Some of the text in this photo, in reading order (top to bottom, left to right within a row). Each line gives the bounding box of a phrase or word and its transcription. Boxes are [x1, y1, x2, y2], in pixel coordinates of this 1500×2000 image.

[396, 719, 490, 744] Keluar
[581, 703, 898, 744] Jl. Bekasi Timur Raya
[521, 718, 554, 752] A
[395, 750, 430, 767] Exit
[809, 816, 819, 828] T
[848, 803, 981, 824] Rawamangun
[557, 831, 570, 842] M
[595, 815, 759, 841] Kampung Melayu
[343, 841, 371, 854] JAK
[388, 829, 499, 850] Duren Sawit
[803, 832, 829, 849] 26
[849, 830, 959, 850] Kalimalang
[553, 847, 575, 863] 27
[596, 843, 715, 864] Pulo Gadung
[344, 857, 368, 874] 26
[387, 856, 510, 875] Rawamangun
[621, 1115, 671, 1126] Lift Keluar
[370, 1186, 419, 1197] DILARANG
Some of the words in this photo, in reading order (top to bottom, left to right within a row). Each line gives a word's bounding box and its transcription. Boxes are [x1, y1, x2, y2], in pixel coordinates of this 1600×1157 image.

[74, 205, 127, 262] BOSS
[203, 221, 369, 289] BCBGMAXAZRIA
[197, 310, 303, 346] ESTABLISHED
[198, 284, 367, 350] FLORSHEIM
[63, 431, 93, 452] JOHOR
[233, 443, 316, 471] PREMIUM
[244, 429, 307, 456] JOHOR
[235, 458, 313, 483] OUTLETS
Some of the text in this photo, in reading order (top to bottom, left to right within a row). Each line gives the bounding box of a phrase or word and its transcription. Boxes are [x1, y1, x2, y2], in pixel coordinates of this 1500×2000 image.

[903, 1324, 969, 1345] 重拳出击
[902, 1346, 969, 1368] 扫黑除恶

·····

> _DESCRIPTION OF THE TASK_: The whole of the material should be restated word for word.

> _PROBLEM SOLUTION_:
Some of the text in this photo, in reading order (top to bottom, left to right within a row). Each line gives the bounding box of a phrase or word and its transcription. Boxes are [x1, y1, x2, y2], in pixel coordinates of this 1500×2000 image.

[396, 719, 490, 744] Keluar
[581, 703, 898, 744] Jl. Bekasi Timur Raya
[521, 718, 554, 752] A
[395, 750, 430, 767] Exit
[809, 816, 819, 828] T
[848, 803, 981, 824] Rawamangun
[557, 831, 570, 842] M
[595, 815, 759, 841] Kampung Melayu
[343, 841, 371, 854] JAK
[388, 829, 499, 850] Duren Sawit
[803, 832, 829, 849] 26
[849, 830, 959, 850] Kalimalang
[553, 847, 575, 863] 27
[596, 843, 715, 864] Pulo Gadung
[344, 857, 368, 874] 26
[387, 856, 510, 875] Rawamangun
[621, 1115, 671, 1126] Lift Keluar
[370, 1186, 419, 1197] DILARANG
Some of the words in this photo, in reading order (top to bottom, left to right within a row). Each line gives a word's bounding box and its transcription. Boxes are [x1, y1, x2, y2], in pixel coordinates of this 1600×1157 image.

[74, 205, 127, 262] BOSS
[203, 221, 369, 289] BCBGMAXAZRIA
[197, 310, 303, 346] ESTABLISHED
[198, 284, 367, 350] FLORSHEIM
[63, 431, 93, 452] JOHOR
[233, 443, 316, 471] PREMIUM
[244, 429, 307, 456] JOHOR
[235, 458, 313, 483] OUTLETS
Some of the text in this photo, in reading order (top to bottom, left to right within a row). Each line gives the bounding box of a phrase or word and its transcription. Boxes are [x1, y1, x2, y2], in pixel coordinates of this 1500×2000 image.

[903, 1324, 969, 1345] 重拳出击
[902, 1346, 969, 1368] 扫黑除恶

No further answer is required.